Wikipedia lists 54 separate government watchdog organizations. Most of these groups were formed over the last few decades, some as offshoots of the activism of Ralph Nader in the 1960s and 70s. Others came into being as the Internet took hold as a research tool and communications medium.

Historically, the role of the watchdog has been served by the media. Freedom of the press was a right established early on by the Founding Fathers with the passage of the First Amendment. During the Golden Age of Journalism at the turn of the nineteenth century, investigative reporters, a.k.a.,“muckrakers,” targeted politicians engaged in putting their personal interests ahead of the public’s.

Additionally, the separation of powers within our federal system gives each of the three branches the constitutional clout to watchdog one another. These mechanisms include systemic checks and balances as well as additional authority vested in congressional ethics committees and special prosecutors.

But true independence requires an outside perspective. Lack of a partisan bias is critical for an organization to be worthy of journalistic credibility, and this is where watchdog organizations can show their real value.

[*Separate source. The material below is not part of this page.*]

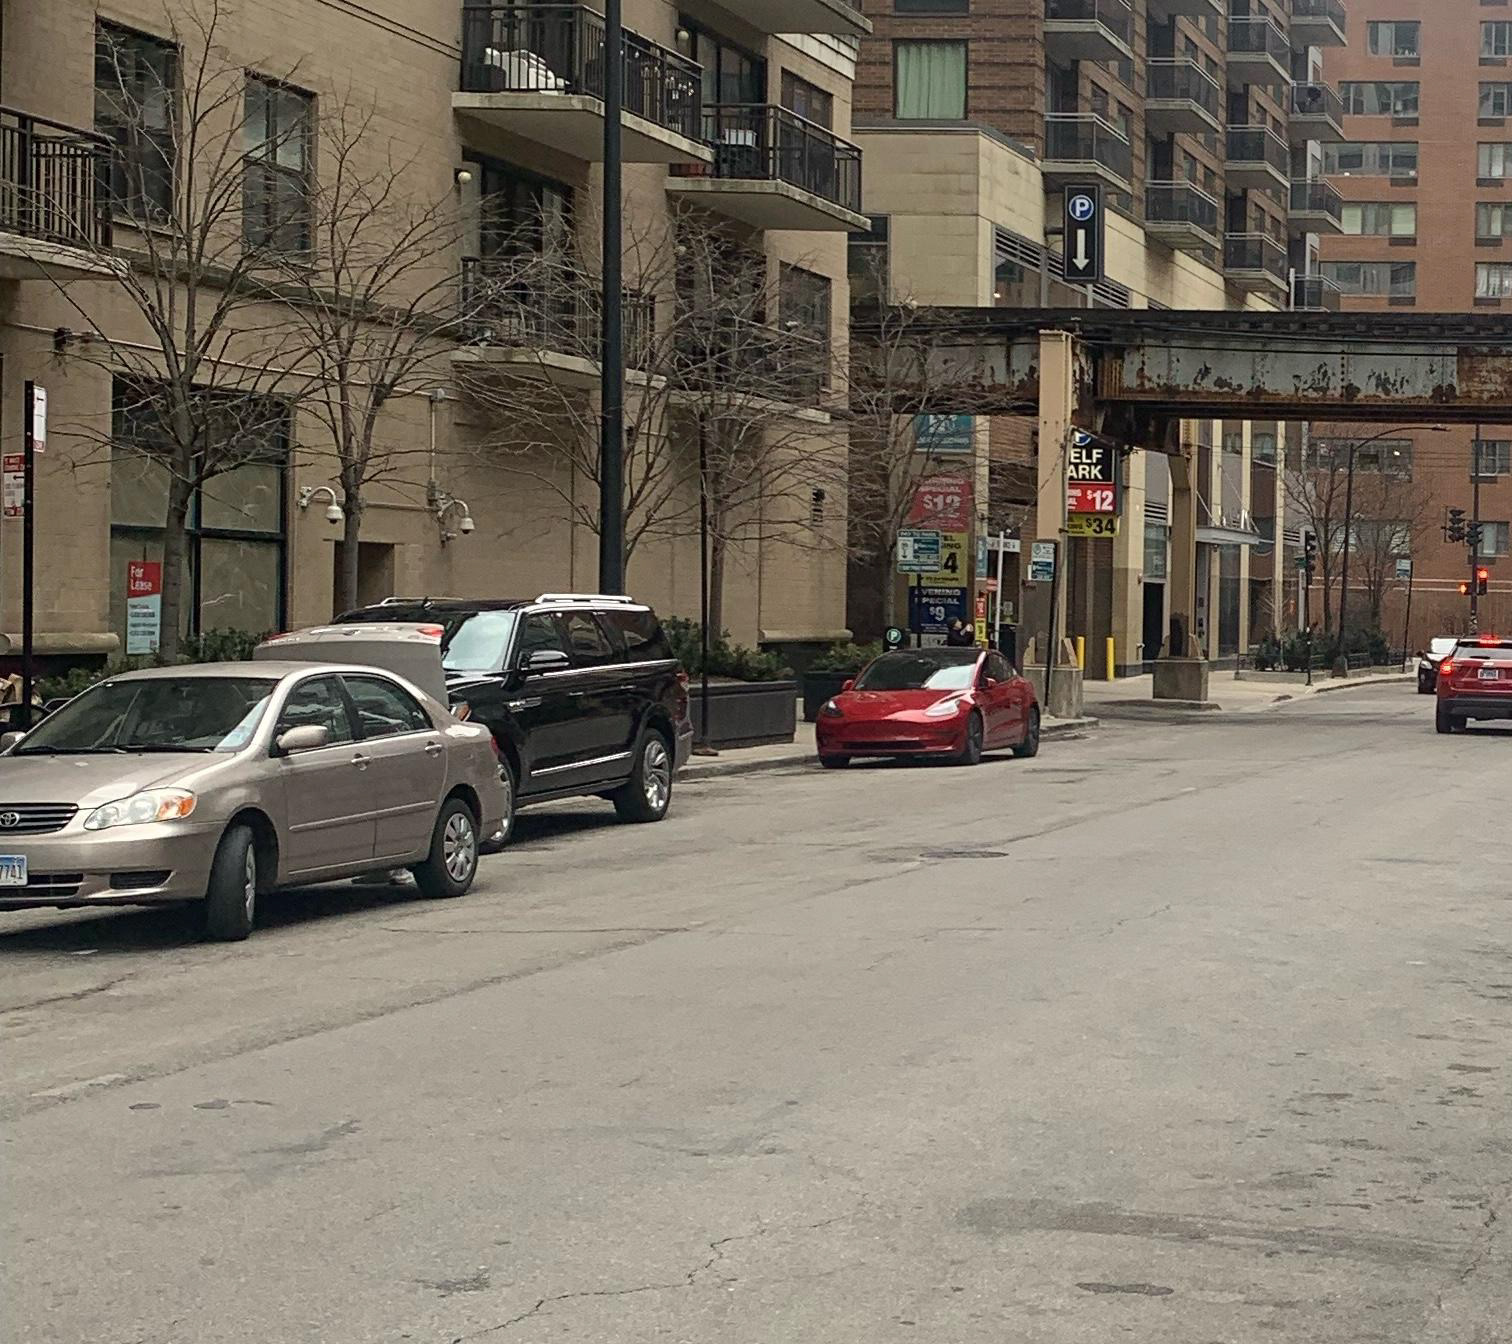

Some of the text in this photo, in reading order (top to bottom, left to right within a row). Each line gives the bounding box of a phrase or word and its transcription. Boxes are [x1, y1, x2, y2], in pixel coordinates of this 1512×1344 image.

Many of these groups share a clearly stated purpose: to investigate, expose, and ultimately stamp out corruption in government. But political ethics is a tricky business, especially when subtle – or sometimes not-so-subtle – partisanship comes into play.

Invariably, when a public official or a broader political group is called out on an apparent ethics violation, the response is often to question the questioner. What political ploy is behind the attack? What group or individual stands to benefit?

The actions and experience of one watchdog group exemplify this controversy well.

Citizens for Responsibility and Ethics in Washington (CREW) has promoted ethics and accountability in government since 2003. According to their website, they “target officials who sacrifice the common good to special interests.”

The group publishes lists of the most corrupt members of Congress, the worst governors, and exposes corruption at national, state, and local levels.

"Day in and day out, we work to ensure government officials – regardless of party affiliation – act with honesty and integrity and merit the public trust," CREW claims. A noble quest, to be sure.

But not surprisingly, CREW has made enemies.

It stands to reason that a group like CREW, dedicated to exposing politicians for ethical misconduct, is going to be the focus of backlash from their targets. And when money and special interests are involved, the stakes are high. The group has been criticized for being biased in who they target, for serving a partisan agenda, and ultimately, for favoring a more progressive political spectrum.

Most notable among its critics is an effort called "CREW Exposed," which describes CREW as a left-wing attack dog.

CREW Exposed is an arm of another nonprofit, the Center for Consumer Freedom (CCF).  The CCF describes itself as "dedicated to protecting consumer choices and promoting common sense."

However, the group is strongly tied to Rick Berman, a lobbyist for the fast food, meat, agriculture, and tobacco industries. Given where their funding comes from, its motives seem evident, and it is no wonder they have opposed a group like CREW which targets those who yield to the same special interests that the CCF supports.

The CCF has its own share of critics. The website, Berman Exposed (not surprisingly a project of CREW), highlights nearly 50 separate efforts related to Berman.

The CCF seems to have a clear conflict of interest in the area of political ethics. Lobbyists walk a fine line between advancing the cause of special interests and staying on the right side of the law. However, the CCF does raise some valid points about CREW in its criticisms.

Looking at the numbers, which the CCF conveniently provides through a series of compelling charts on

CREW Exposed, CREW does appear to disproportionately target Republicans over Democrats.

As an example, CREW's list of the 17 most corrupt members of Congress includes 11 Republicans and only 6 Democrats. Whether this reflects an actual disparity in political ethics (or lack thereof) characterized by the two parties is subject to debate beyond the scope of this article.

Our nation was founded on a system of checks and balances. As watchdog groups increase in their numbers and the role they play, it is only fitting that these groups watchdog one another. But it is increasingly difficult to sort out the motives and activities in which these groups are engaged.

Partisan agendas can be easily hidden from plain sight. Political ethics should be an area blind to ideology, yet this does not seem to be the case in practice. In one sense, the existence of ethics watchdogs on both sides of the spectrum may be sufficient to offset one another and promote a political system free from corruption. Yet, the question of credibility is an important one, and can fuel the fires of political division they strive to quench.